2 Give me the industry of the prospect company. (Classify using this industry list: [Energy, Materials, Industrials, Consumer Goods, Health Care, Wellness & Fitness, Finance, Software, Communication, Entertainment, Utilities, Agriculture, Arts, Construction, Education, Legal, Manufacturing, Public Administration, Advertisements, Real Estate, Recreation & Travel, Retail, Transportation & Logistics])

3 Guess the target audience of each prospect company.(Classify and choose 1 from this list: [Sales Teams, Marketing Teams, Product Teams, HR teams, Customer Service Teams, Consumers, C-levels, Data Teams, DevOps Teams, Programmers, Finance Teams])

4 Tell me if the prospect company is B2B or B2C.

5 Include the original prospect company website mentioned above.

6 Write an email message from selling company to prospect company, aligned with selling companys product offering. This email should attempt to sell prospect company the selling companys product.In less than 125 words. In English. Casual, Quirky Tone."

Point 5 and 6 are what I added to the prompt. I had to play around with the email message portion quite a bit to get acceptable results, but the end result is a “Quirky” and “Casual” message, no longer than 125 words that leverages all of the contextual data we provided from the sell_to and sell_from company websites.

The API

I am just beginning my work with the OpenAI API. You should definitely read the docs to get a complete understanding of the capabilities here, but I will speak to some of the choices I made in the code below:

# Authenticate 
openai.api_key = openai_key
# Set up the model
model_engine = "text-davinci-003"
# Generate a response
completion = openai.Completion.create(
engine=model_engine,
prompt=prompt,
max_tokens=1024,
n=1,
stop=None,
temperature=0.5,
)
#access response text
response = completion.choices[0].text
#transform to json/dict
json_object = json.loads(response, strict=False)
#append to empty df
finaldf = finaldf.append(json_object, ignore_index=True)
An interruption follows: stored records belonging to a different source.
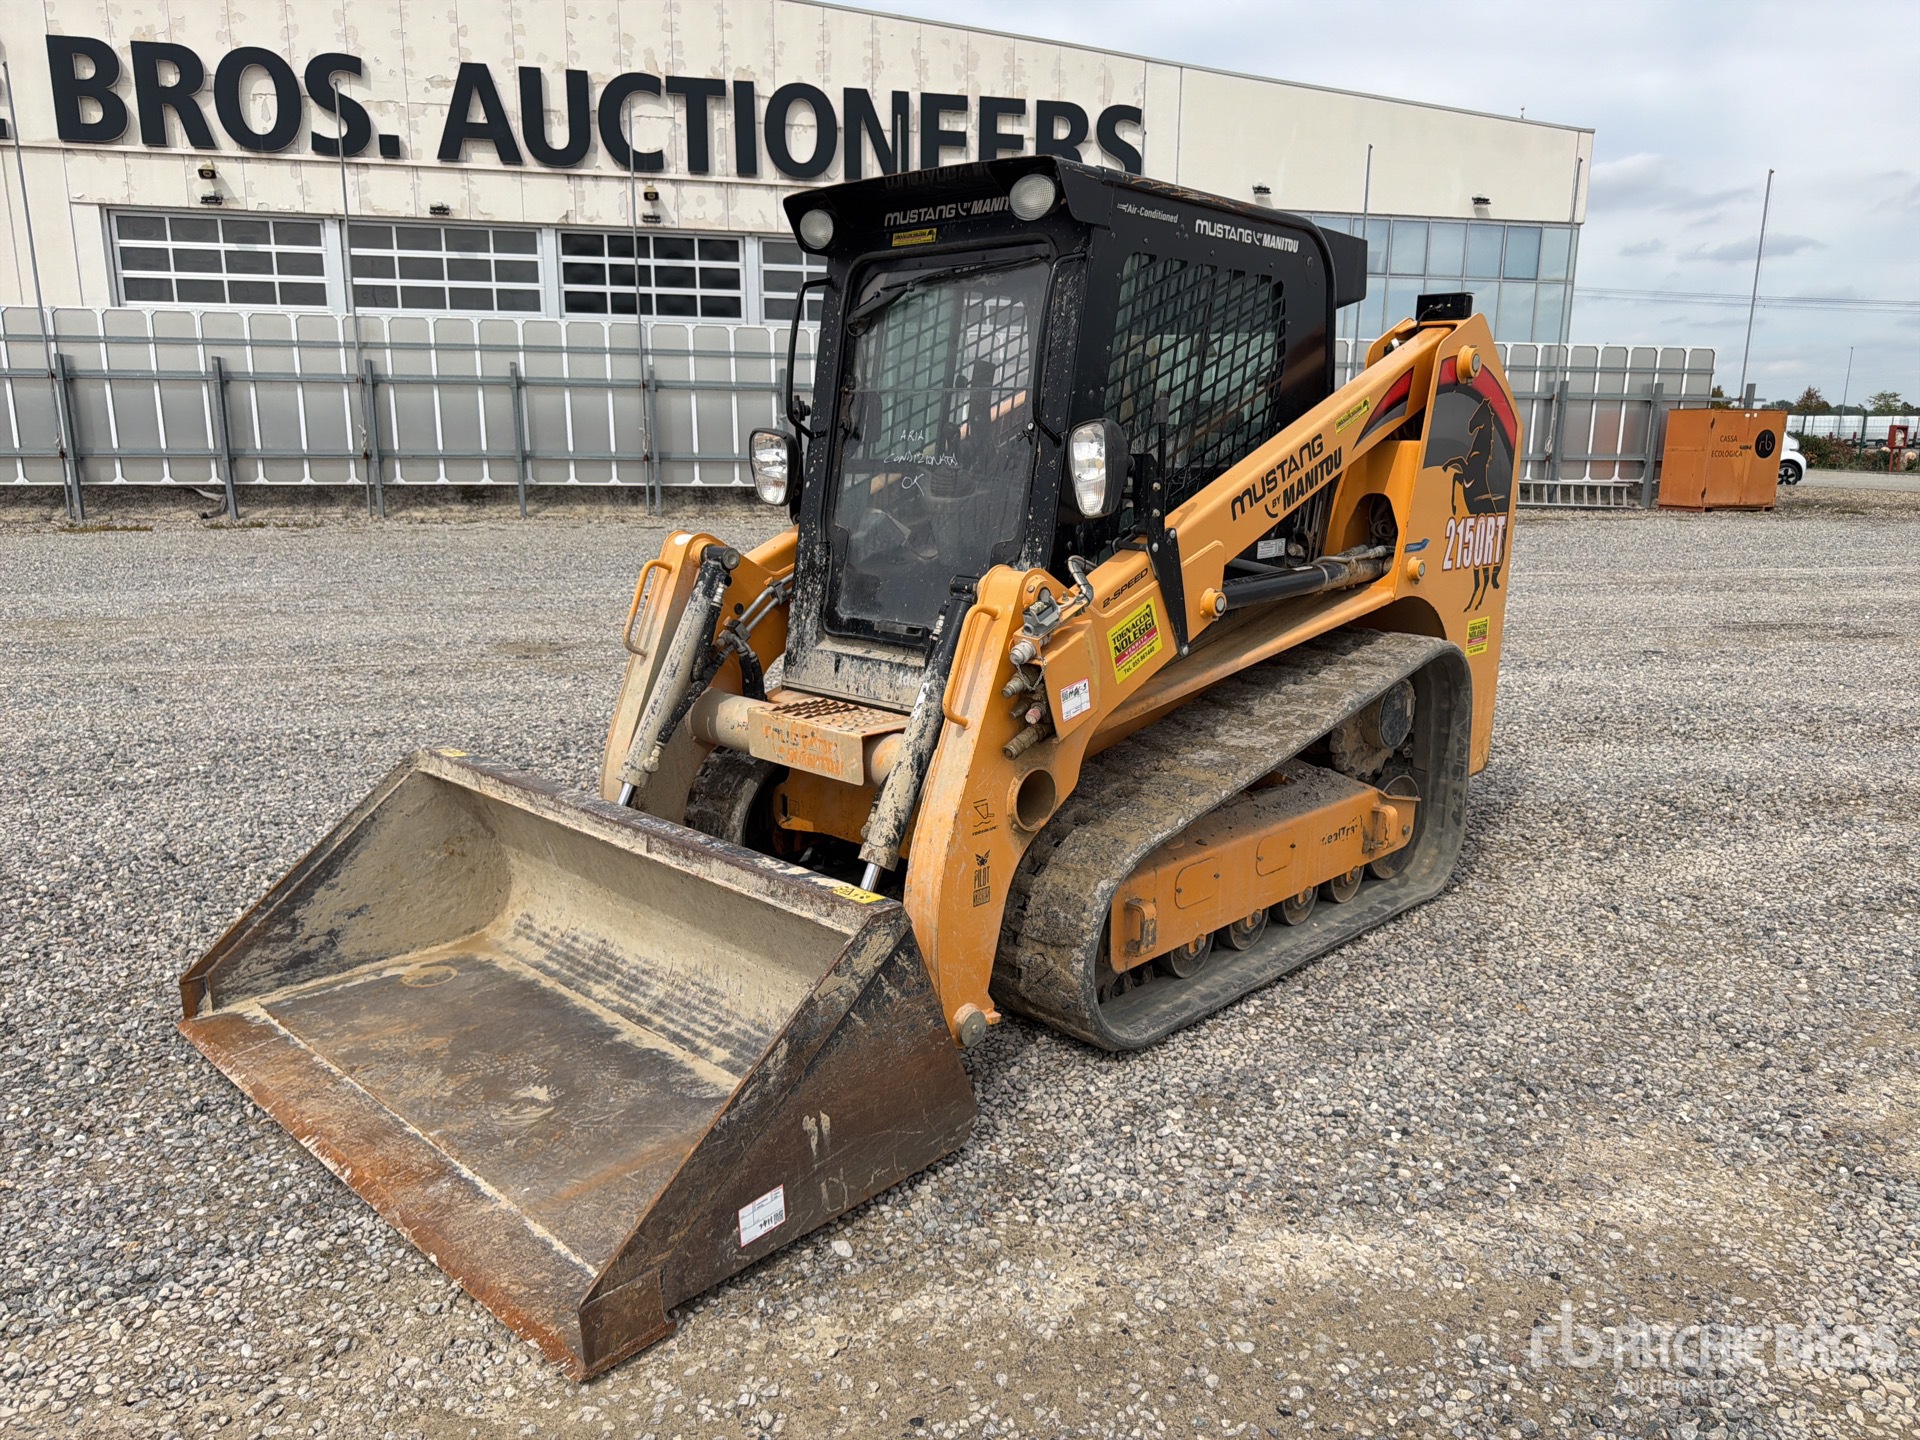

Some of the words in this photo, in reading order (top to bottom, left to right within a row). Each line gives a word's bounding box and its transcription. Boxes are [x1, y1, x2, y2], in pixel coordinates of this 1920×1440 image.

[45, 34, 400, 158] BROS.
[437, 62, 1143, 179] AUCTIONEERS
[884, 203, 957, 227] MUSTANG
[963, 201, 971, 209] BY
[971, 196, 1009, 215] MANIT
[1127, 203, 1179, 224] Air-Conditioned
[1195, 219, 1253, 244] MUSTANG
[1262, 233, 1299, 253] MANITOU
[900, 429, 924, 441] ARIA
[1720, 435, 1738, 443] CASSA
[1759, 434, 1773, 451] rb
[1711, 450, 1743, 458] ECOLOGICA
[901, 473, 925, 496] OK
[1231, 433, 1323, 521] MUSTANG
[1272, 494, 1281, 509] BY
[1283, 446, 1342, 511] MANITOU
[1442, 513, 1507, 571] 2150RT
[1103, 567, 1148, 608] 2-SPEED
[974, 866, 990, 889] PILOT
I chose the Davinci model as it seemed like the most extensive and accurate model compared to the Curie, Babbage and Ada options. It is also the most recently trained model (June 2021). The description of text-davinci-003 from the docs really sells itself:

Most capable GPT-3 model. Can do any task the other models can do, often with higher quality, longer output and better instruction-following. Also supports inserting completions within text.
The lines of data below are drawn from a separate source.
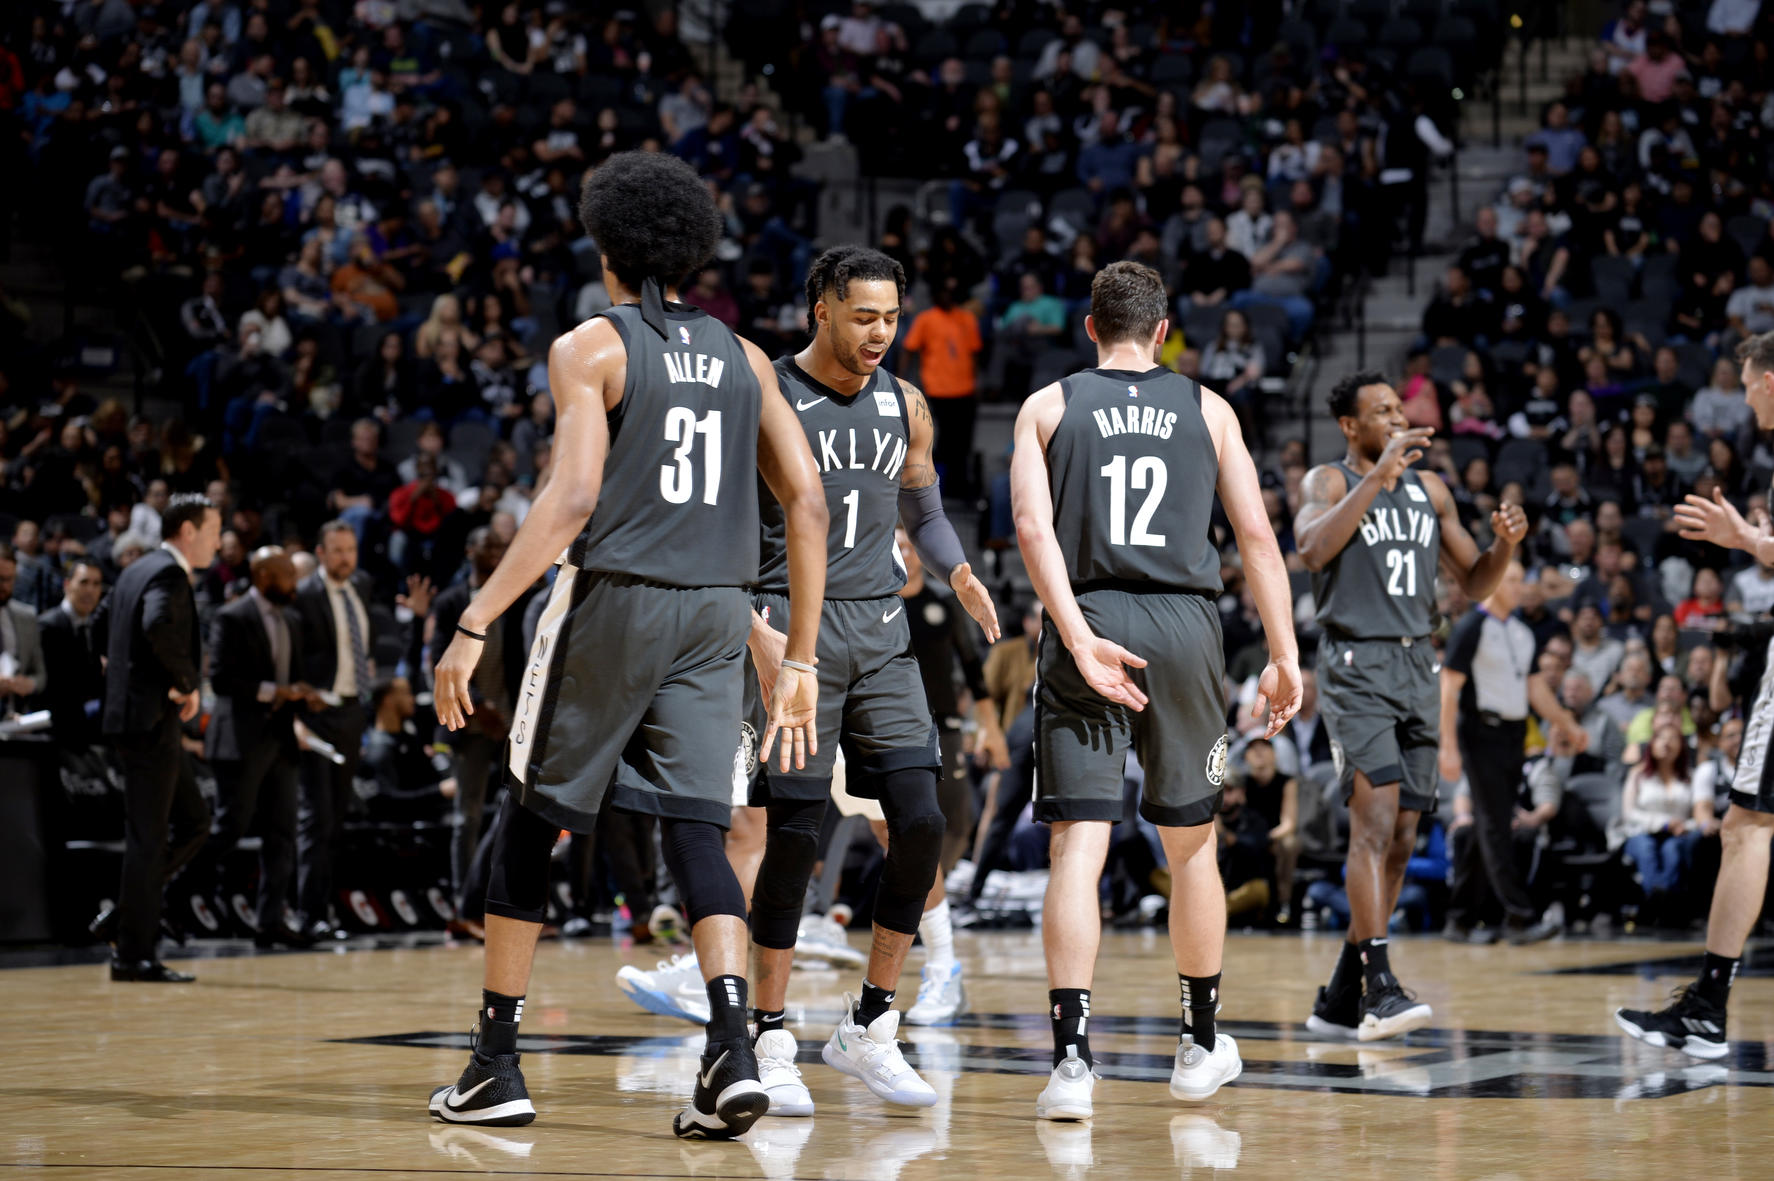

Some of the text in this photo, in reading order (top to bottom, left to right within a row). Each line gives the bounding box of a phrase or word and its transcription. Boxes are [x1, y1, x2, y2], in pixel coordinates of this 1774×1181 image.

[663, 352, 725, 389] ALLEN
[1092, 405, 1178, 440] HARRIS
[660, 406, 722, 506] 31
[813, 428, 907, 480] KLYN
[843, 489, 859, 548] 1
[1101, 455, 1168, 547] 12
[1386, 548, 1416, 597] 21
[515, 634, 548, 744] NETS
Another important parameter is temperature. You can think of this as the creativity aperture for OpenAI. As described in the docs, “Higher [temperature] values means the model will take more risks”.

A different way to configure the creativity allowance of the model is to use the top_p parameter, which considers token inclusion based on their probability mass.
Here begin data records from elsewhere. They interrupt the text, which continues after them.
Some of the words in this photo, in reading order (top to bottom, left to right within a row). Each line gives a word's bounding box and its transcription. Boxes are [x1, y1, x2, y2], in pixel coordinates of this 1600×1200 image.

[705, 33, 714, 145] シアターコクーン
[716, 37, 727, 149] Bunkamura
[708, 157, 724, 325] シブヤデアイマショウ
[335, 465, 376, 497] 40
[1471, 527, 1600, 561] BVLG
Either way, I kept the temperature at .5 to strike a balance between accuracy and creativity.

The Results

Let’s step through the Streamlit app to see the culmination of this code and the eventual output.

Step 1: Gather the SELL FROM data. We are using Hightouch as our SELL FROM company in this example. If you are actually using this app, don’t forget to bring your own API credentials!

Step 2: Upload a CSV list of prospect domains. The input format is very specific but also very simple. Images of the CSV and processed CSV in Streamlit are below.

CSV INPUT FILE
CSV Processed Example

Step 3: When the SUBMIT button is initiated, all of the prospects uploaded in Step 2 are converted to a list and processed through a loop that creates the OpenAI prompt and processes the API call. The results for each company are appended to a new dataframe for export.

Step 4: The results dataframe from Step 3 is converted to a CSV file and made available for download through Streamlit. The results of our example are below.

The value proposition, industry, target audience and market are very accurate. I have tested this on longer lists with diverse companies of all sizes, in all types of industries, and the results remained surprisingly consistent.

The messaging results vary from case to case, but at the very least they give us a starting point for relevant communication with our prospect.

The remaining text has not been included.